I know i made the right move in leaving her but

1. Is she going to try to come back? 
The reason i ask isn't that i want her back (maybe the weaker side of me does a little bit, is that normal?) but i guess i want to be prepared for it. i think if i am prepared, she wont snowball me quite so easily. I really don't think this thing with K is going to last much longer, especially with her having moved out of state. 

2. Is there any way to get her to tell me the truth? 
I think that would provide a little closure for me.

3. What kind of affair does this look like to you? the reason i ask is that i think understanding makes things easier for me to deal with, its how my brain works i guess. i feel like if i understand things, i can (a.) learn from the experience and (b.) it makes it easier to let go...my opinion is this..i think that never having had to take care of our son alone before (she's always had either her mother or me to help) and working a soul sucking job and doing the other numerous tasks it takes to keep a household running, i think she either felt lost and overwhelmed or she felt like she was a failure. i know she suffers from low self esteem, and i think she has been depressed or several months, even prior to me going on deployment. personally, i think she presents a good case for BPD. but thats just me. i think she just wanted something to make her feel good about herself. PLEASE do not think this is my excusing her behavior, for it is without excusal, period. i think this is me turning my emotions off a little bit and trying to figure things out from a point of view that the evidence shows. but please, i am very interested in hearing other opinions. i read other threads on here, and i see how easy it is to seperate the wheat from the chaff so to speak when you have an unbiased opinion. 

another interesting little anecdote from last night. i asked her to text me when she and our son got in from there drive. i worry about him, as i see it, he is still my son and i am not going to withhold my love because his mother doesnt deserve mine. but i digress, she texts me when they get in (around midnite). i say thanks and i am going back to sleep, and "later" as a form of goodbye, goodnite whathave you. she texts me "later..WOW".. i could tell this really pissed her off/hurt her feelings. (i would have never done this while we were together)..i texted her back "what"..like ten min goes by and she texts me back, "whatever..all good"...so i wrote her back "aright" and went back to sleep. i know this got her blood boiling, it felt so good though. i am kinda surprised though that i didn't hear from her today..not hurt, just surprised, being thanksgiving and all. i did not attempt to contact her. 

i guess my next question is what to do from here. should i go 180 as a recovery tool for me. or is there another option i should go with. i don't think that NC is going to be an option. not with having to go through her to at least talk to my son. to be completely honest with you, i think that there is a naughty little side that is quickly emerging that wants to mess with her, to get my emtional shots in while i can. part of me thinks that is wrong, that i should take the high road. but part of me doesn't, and thinks that if i had been more of a d!!! to her before, she wouldnt think she could walk all over me and i either wouldnt be in this mess or i would have been clear of it long ago. 
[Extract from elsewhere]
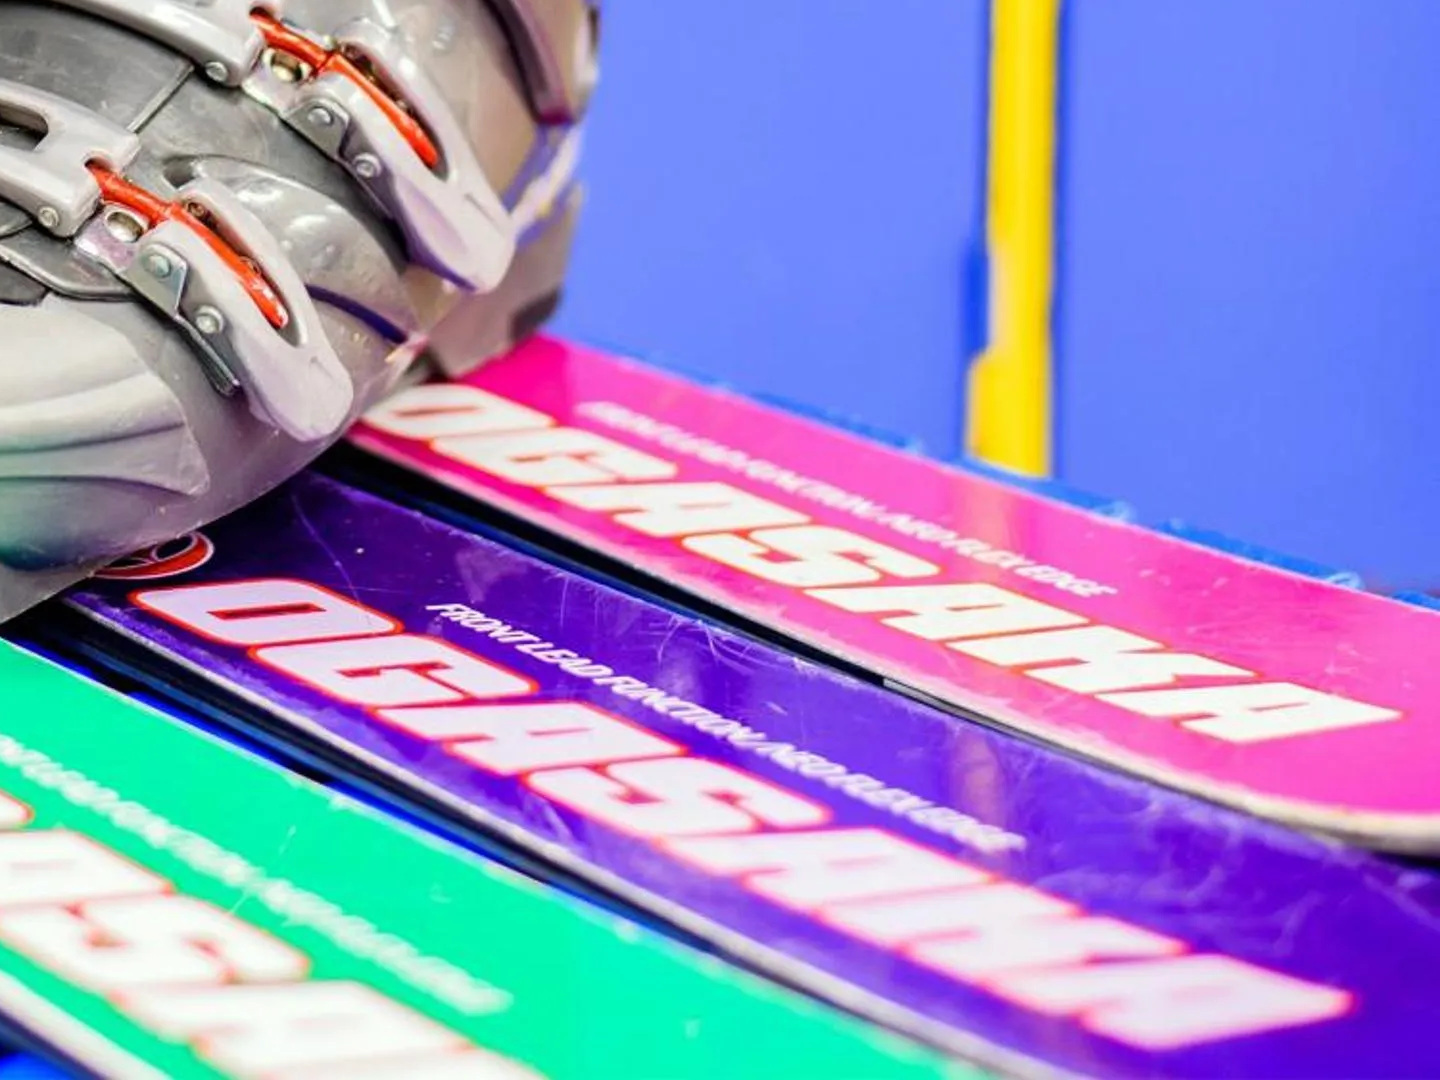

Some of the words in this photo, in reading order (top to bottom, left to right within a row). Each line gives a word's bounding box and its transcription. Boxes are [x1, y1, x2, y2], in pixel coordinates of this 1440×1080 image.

as for K, he is a little slime bucket who i don't really think is worth the trouble of confronting. well thats not true, but i honestly cant tell you that i would make it through and not choke him till his eyes pop out and have to put him in a ditch somewhere. so i think that he is not worth the trouble i would get in, and even if there was no physical violence, the implications of me acting like that and my career would not be good. besides, in the end, while he shares some of the blame, the lions share goes to my wife. she, not he, violated our marriage. 

thank you for letting me rant on here. i am sure this will be the first few of many. for the past week or so, i have been doing alot better, pain lessening. but after i told her i want a divorce, it really came back hard. i think its because its really real..maybe i am coming to acceptance...dont know i think its good for me to get this out, while i do have people to talk to who are very supportive, i think its good that i write like this in a little more of an organized fashion. 

PLEASE, PLEASE, PLEASE feel free to write me with your thoughts, opinions and advice. all are welcome, even if i dont like them or they are harsh towards me.


----------



## Shaggy (Jul 17, 2011)

So lets account for all the fact here:

1. she is now a 2 time married, burnt threw two men, and carrying along a son. She's a real catch this one!

2. She is cheating with a little boy dweeb who's long term career prospects are about as good as the guy working the gas station at midnight on thanksgiving.

3. she is a bald faced liar and cheater.

You've got the chance to upgrade to a good woman in your life, while dweeb is stuck with an old cheating woman, an the old cheating chick is getting more pathetic by the day.

Dweeb is gonna get tired of her and move on to the next skank, and she'll find the only guys who are interested in her are getting worse and worse.

meanwhile, you'll be spending time with a new good woman, who not only can spell morals, but has them too.

The real loser her is your son. He's stuck living around skankzilla.


----------



## morituri (Apr 1, 2011)

Implement the 180 for your emotional well being.

You may not have been able to legally adopt your son but depending on the State you live, you may still be subject to child support and thus gain visitation rights. Please seek legal counsel.


----------



## sadcalifornian (Sep 18, 2011)

I am confused as to what you really want. Do you want D or do you want to exercise 180 to see if you can R if she shows remorse? 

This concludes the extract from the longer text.